-Então Cocão, aí, não leva a mal não, mas aí vai fazer um tempo que eu to querendo fazer essa pergunta pra você. Tem como você falar daquele acidente lá, eu sei que é meio chato, embaçado. -É nada, você quer saber a gente fala né mano. Vamos lá. Foi dia ó, eu lembro que nem hoje ó, vichi até arrepia, dia 14 de outubro de 94, eu tava morando no Hebron tá ligado, aí o Opala tava na oficina do Di lá, a gente ia fazer um barato anoite, tá ligado? a gente ia se trombar em Pinheiros, eu não sei se você se lembra disso ai, porque você ia com o Kleber direto pra Pinheiros,você ia direto, e nóis, tava eu ia eu o Brown o blue pra Zona Sul.
Naquela noite eu acordei e não sabia onde estava Pensei que era sonho, o pesadelo apenas começava Aquela gente vestida de branco Parecia com o céu, mas o céu é lugar de santo Os caras me perguntando: E aí mano cê tá legal?

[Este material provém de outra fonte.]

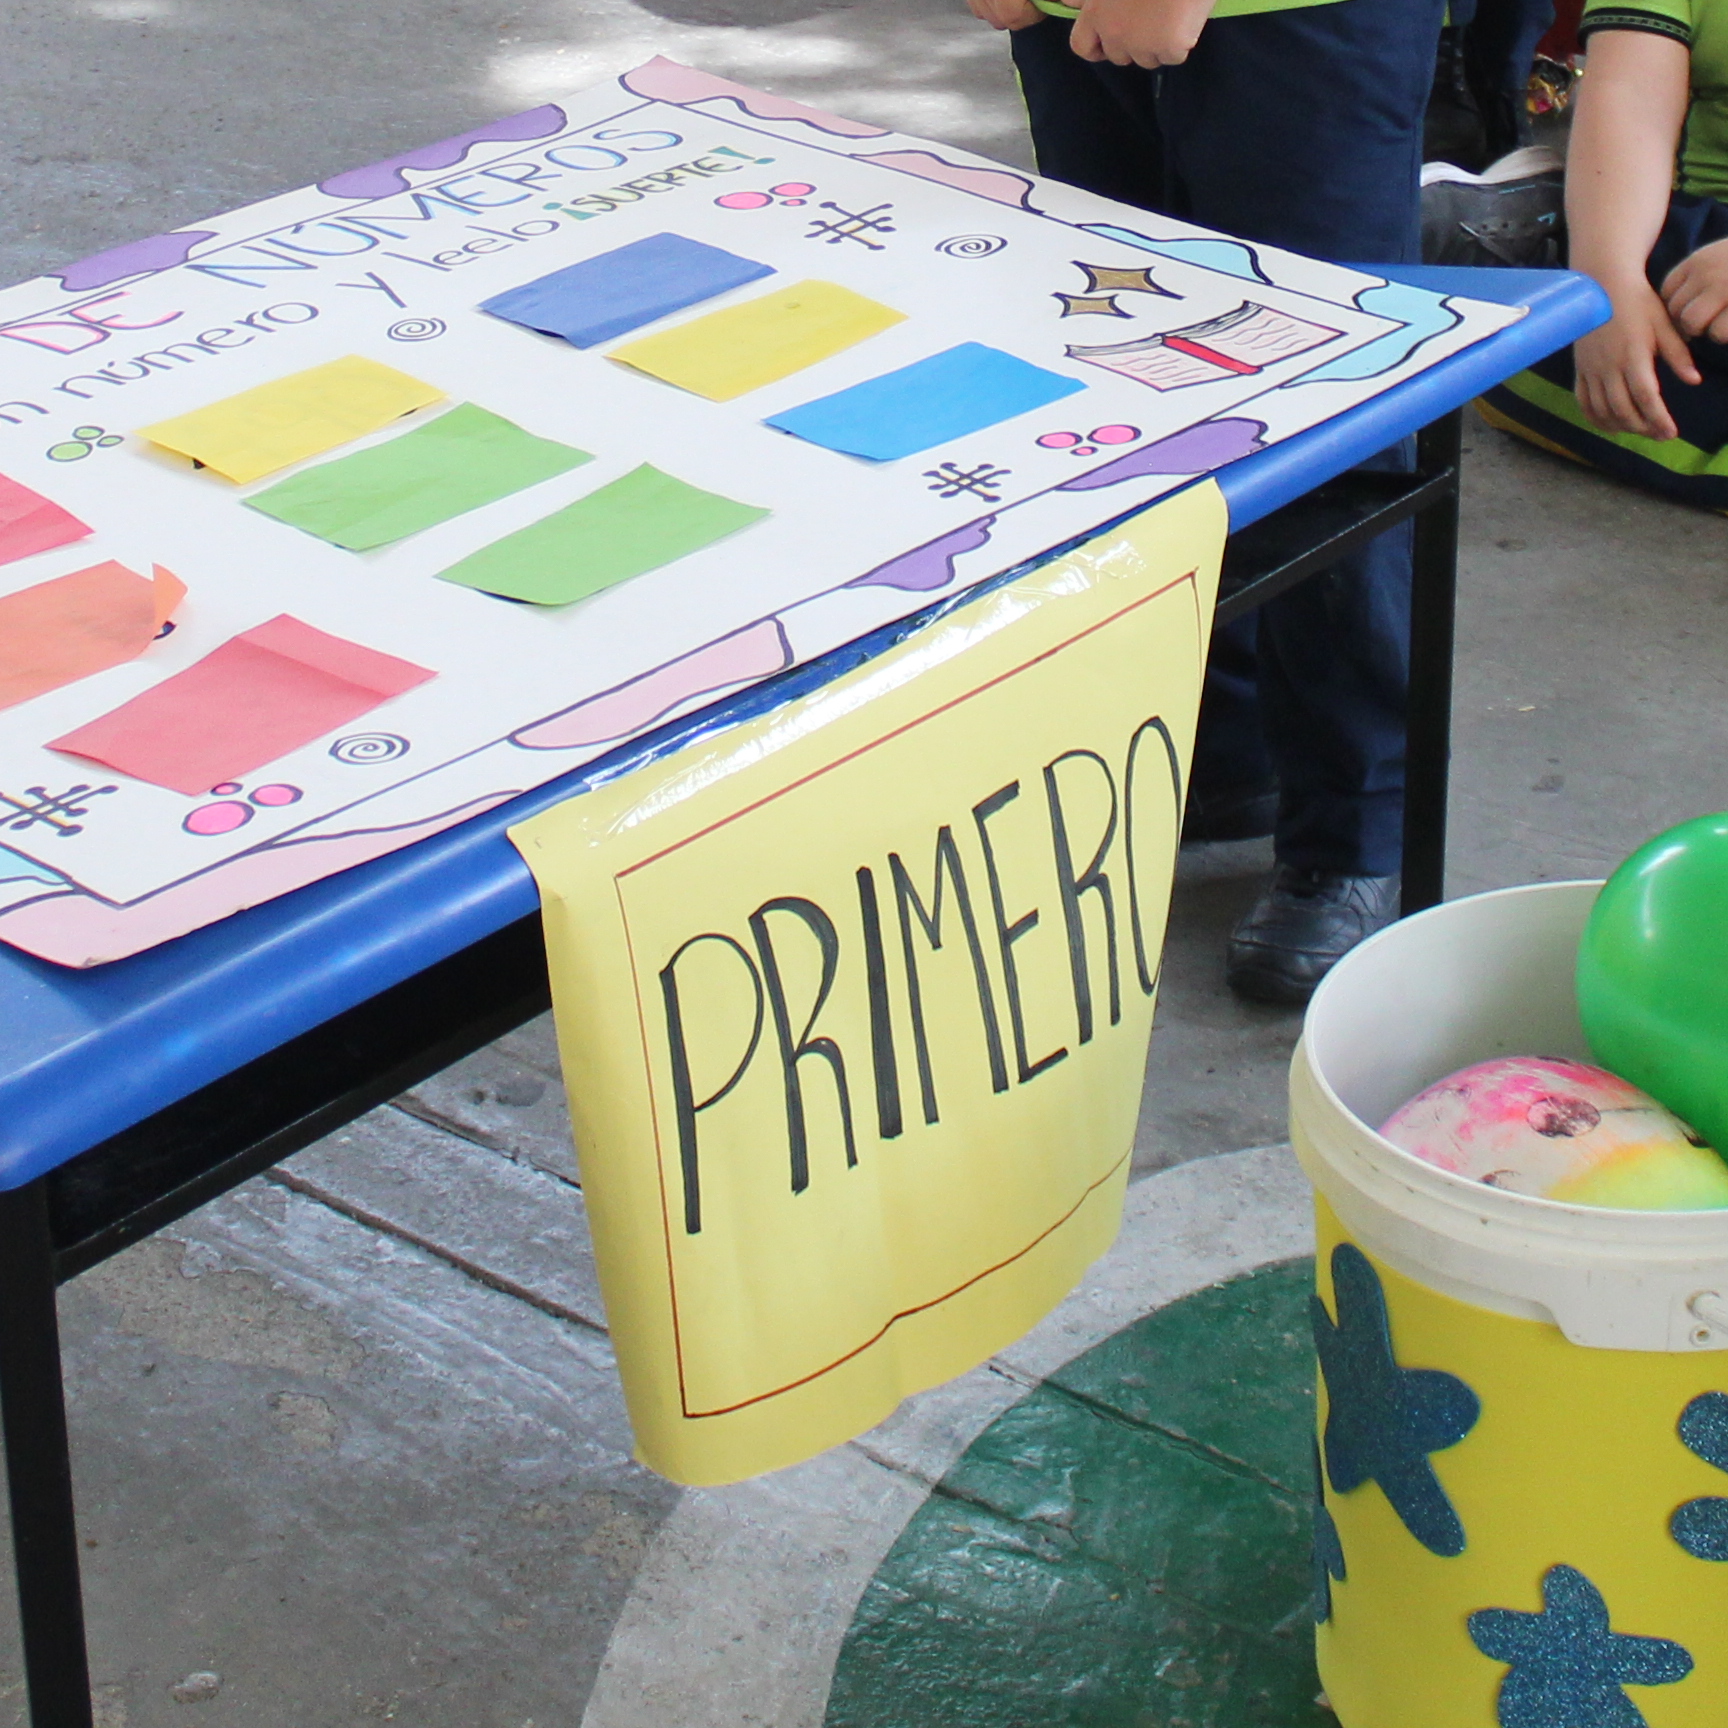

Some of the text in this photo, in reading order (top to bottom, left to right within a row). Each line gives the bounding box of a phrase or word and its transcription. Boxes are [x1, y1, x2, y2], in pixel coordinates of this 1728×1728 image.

[185, 126, 684, 289] NÚMEROS
[52, 300, 320, 401] número
[660, 715, 1183, 1236] PRIMERO

Cheiro de éter no ar nunca é bom sinal Dor de cabeça, tontura Aquela sala rodava estilo brisa de droga, loucura Sangue na roupa rasgada Fio desutura me costura, porra gente não vale nada Do que adianta você ter o que quer Sucesso, dinheiro, mulher, beijando seu pé E num piscar de olhos é foda Você é furado igual pneu sem valor numa cadeira de roda (O que que eu to fazendo aqui, não quero admitir, agora é tarde, tarde, tarde...) Lamento, meus parceiros me contaram Cena após cena, passo a passo que presenciaram Mano foi um arregaço na Marginal Você capotou, teve até uma vítima fatal Da Zona Sul e tal, sentido ao centro 1 da manhã, lembrei daquele momento Vários Opalas, mó carreata E eu logo atrás da primeira Barca diplomata To dirigindo ali no volante Opala cinza escuro, 2Pac no alto-falante Por um instante tive um mal-pressentimento Mas não liguei, não dei conta, não tava atento Que merda, um cara novo morreu Fatalidade é uma imprudência, divergência, fudeu Ele deixou uma mulher que esperava um filho Um evangélico que nem conheceu o filho Um suspiro perdi a calma Vi uma faca atravessando a minha alma Olhei no espelho e vi um homem chorar A mídia, a justiça, querendo me fuzilar Virei notícia, primeira página Um paparazzi focalizou a minha lágrima Um repórter da Globo me insultou Me chamava de assassino aquilo inflamou Tumultuou, nunca vi tanto carniceiro Me crucificaram,me julgaram no país inteiro Pena de morte, se tiver sorte Cadeira elétrica se fosse América do Norte Opinião pública influenciada Era um réu sem direito a mais nada O meu mundo tinha desabado Na lei de Deus fui julgado, na lei do homem condenado
-Então Kleber, o cara morreu mano! -É então, agora é daqui pra frente Cocão. Não tem mais jeito, tá ligado, não se abala não, tem que ficar firme, nóis tá junto aí!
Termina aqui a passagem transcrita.